Biochemical and functional analysis of point mutants of SifA: interaction with SKIP and RhoA, translocation, and formation of Sifs. A, pulldown analysis of the interaction between SKIP(PH) and SifA variants. GST::SKIP(PH) or GST were immobilized on beads and incubated with extracts of HeLa cells expressing SifA, SifA-(36–140), or SifA variants (AXXXE, WXXXA, AXXXA, and L130D) fused to the N terminus of GFP or GFP alone. Bound proteins were analyzed by Western blotting with an anti-GFP antibody. B and C, translocation analysis.

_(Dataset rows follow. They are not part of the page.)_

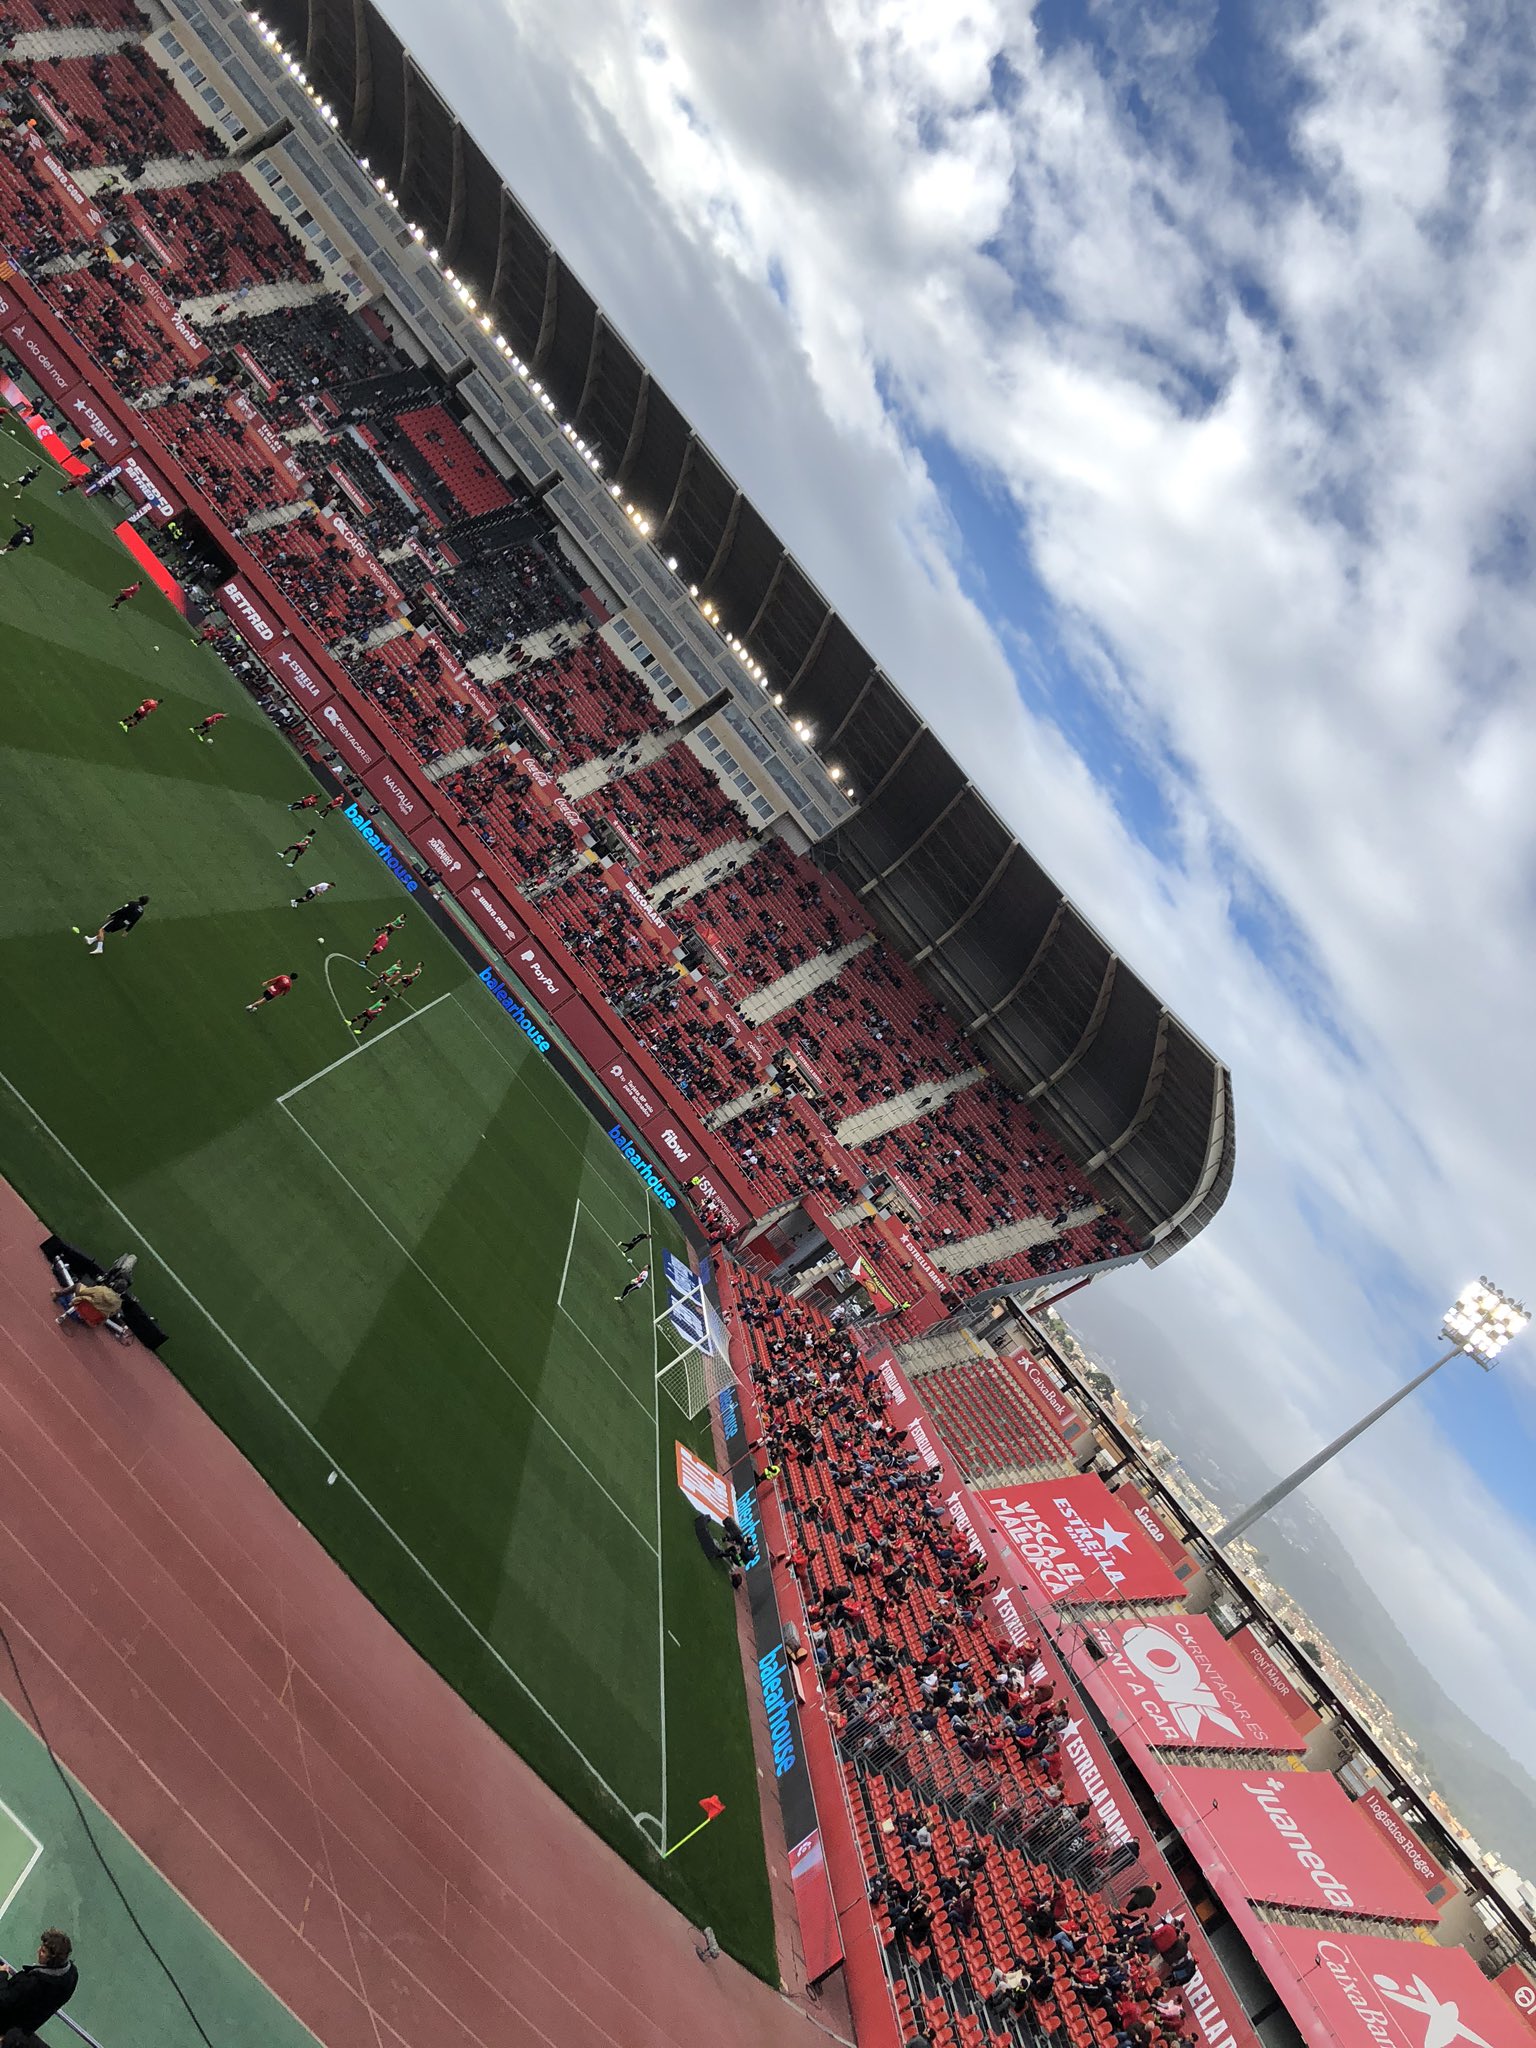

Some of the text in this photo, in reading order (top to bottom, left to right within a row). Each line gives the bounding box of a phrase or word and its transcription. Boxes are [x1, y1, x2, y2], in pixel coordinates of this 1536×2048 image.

[44, 155, 84, 204] umbro.com
[26, 339, 68, 388] ola del mar
[84, 408, 117, 446] ESTRELLA
[125, 466, 154, 500] BETFRED
[224, 583, 273, 640] BETFRED
[289, 660, 319, 696] ESTRELLA
[435, 645, 457, 673] CaixaBank
[468, 687, 491, 716] CaixaBank
[383, 775, 413, 812] NAUTALIA
[344, 803, 417, 891] balearhouse
[478, 896, 508, 931] umbro.com
[625, 881, 665, 928] BRICOMART
[530, 963, 559, 994] PayPal
[703, 986, 719, 1006] Catering
[479, 966, 549, 1052] balearhouse
[725, 1013, 741, 1033] Catering
[746, 1041, 763, 1060] Catering
[622, 1084, 650, 1117] para abonados
[627, 1080, 653, 1113] Tarjeta BP solo
[609, 1125, 676, 1208] balearhouse
[661, 1129, 690, 1162] fibwi
[715, 1195, 740, 1227] INMOBILIARIA
[906, 1242, 946, 1291] ESTRELLA DAMM
[882, 1366, 899, 1390] ESTRELLA
[1029, 1368, 1065, 1415] CaixaBank
[911, 1425, 932, 1456] ESTRELLA
[949, 1501, 974, 1536] ESTRELLA
[1052, 1497, 1126, 1585] ESTRELLA
[1063, 1526, 1092, 1557] DAMM
[989, 1498, 1069, 1595] MALLORCA
[1014, 1500, 1085, 1587] VISCA EL
[998, 1601, 1029, 1648] ESTRELL
[1093, 1626, 1180, 1740] RENT A CAR
[1122, 1622, 1244, 1743] OK
[1175, 1622, 1269, 1742] OKRENTACAR.ES
[1250, 1648, 1270, 1670] FONT
[1265, 1668, 1289, 1696] MAJOR
[759, 1645, 794, 1776] balearhouse
[1066, 1736, 1109, 1806] ESTRELLA
[1242, 1777, 1354, 1907] juaneda
[1370, 1799, 1434, 1878] logistics Rotger
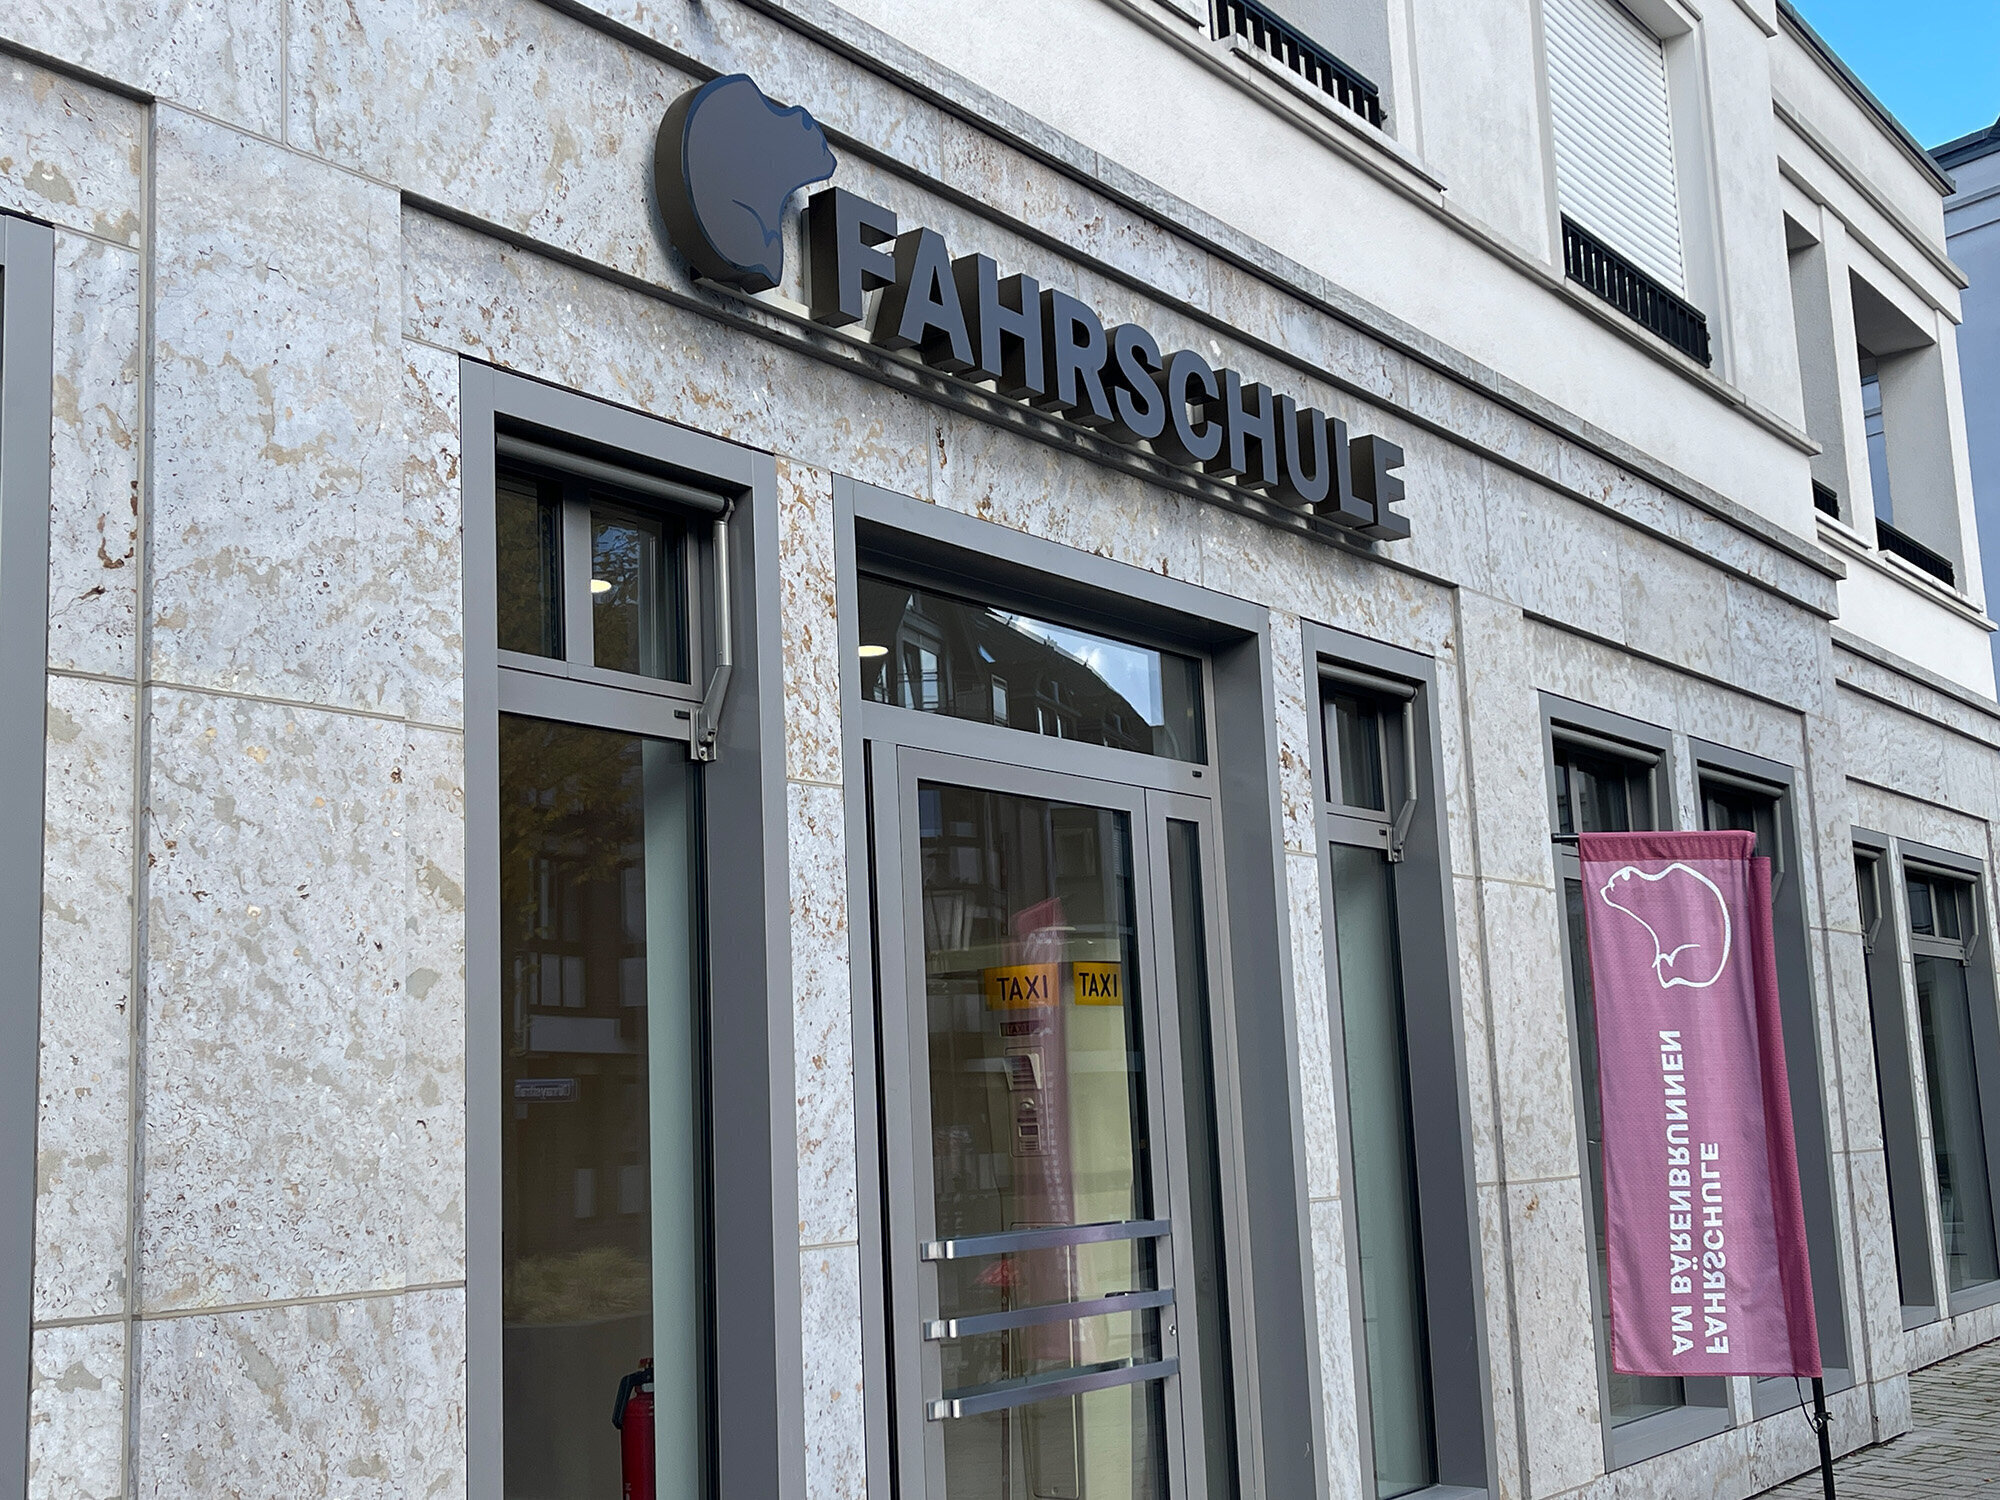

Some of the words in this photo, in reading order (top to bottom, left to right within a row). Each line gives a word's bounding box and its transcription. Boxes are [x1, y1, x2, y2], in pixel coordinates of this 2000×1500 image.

[810, 186, 1411, 541] FAHRSCHULE
[996, 974, 1048, 1001] TAXI
[1078, 972, 1118, 998] TAXI
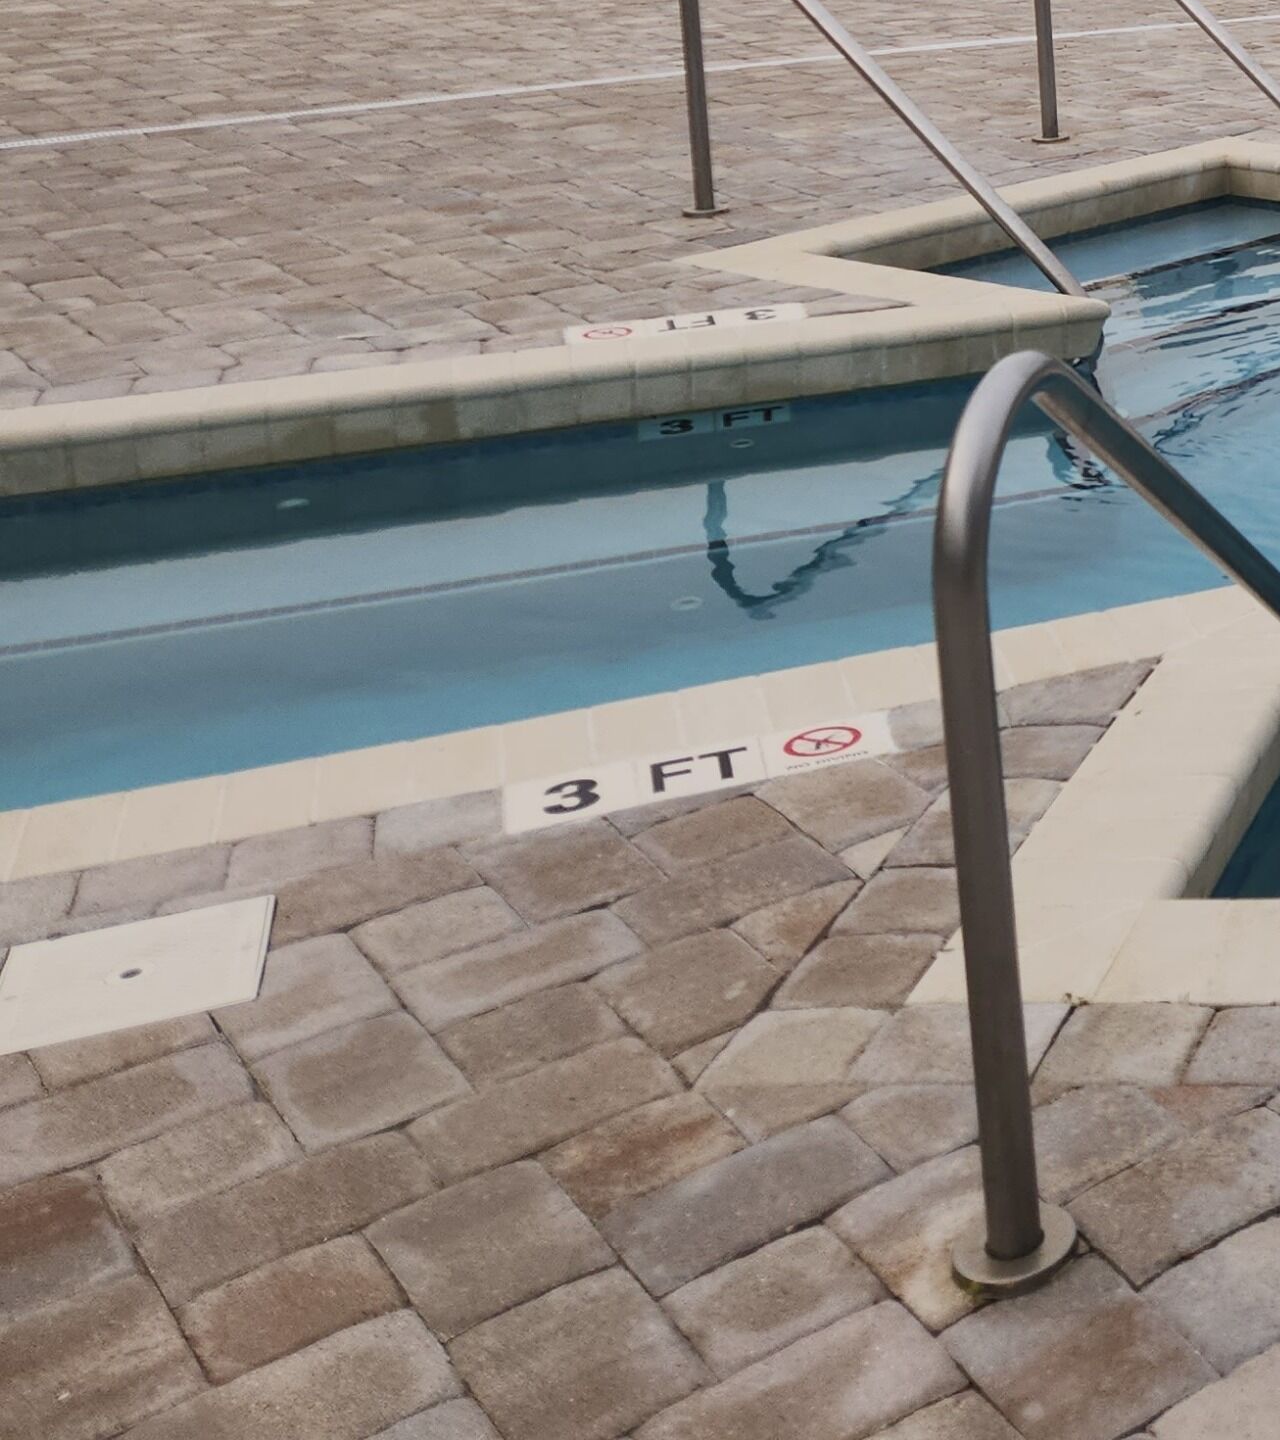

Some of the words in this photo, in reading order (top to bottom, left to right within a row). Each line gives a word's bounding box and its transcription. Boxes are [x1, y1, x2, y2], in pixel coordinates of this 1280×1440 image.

HeLa cells were infected for 16 h with ΔsifA strains expressing GFP and 2HA-tagged version of wild-type or point-mutation variants of SifA. Cells were either fixed, immunolabeled for HA, and imaged by confocal microscopy for GFP (green) and HA (red) (scale bar, 10 μm) (B) or subjected to Triton X-100 extraction and differential centrifugation and analyzed by Western blotting for HA-tagged proteins in bacterial (BCT) and HeLa cell (HC) fractions (C). D, both SifA and SifA-(L130D) pull down GDP-bound RhoA. GST::SifA, GST::SifA-(L130D), or GST were immobilized on beads and incubated with extracts of HeLa cells expressing HA-tagged wild-type, GTP-bound (L63), or GDP-bound (N19) forms of RhoA. Pulled down proteins were analyzed by Western blotting with an anti-HA antibody. E, SifA-(L130D) does not support the formation of Sifs. HeLa cells were infected for 16 h, immunostained, and scored for the formation of HA-labeled Sifs.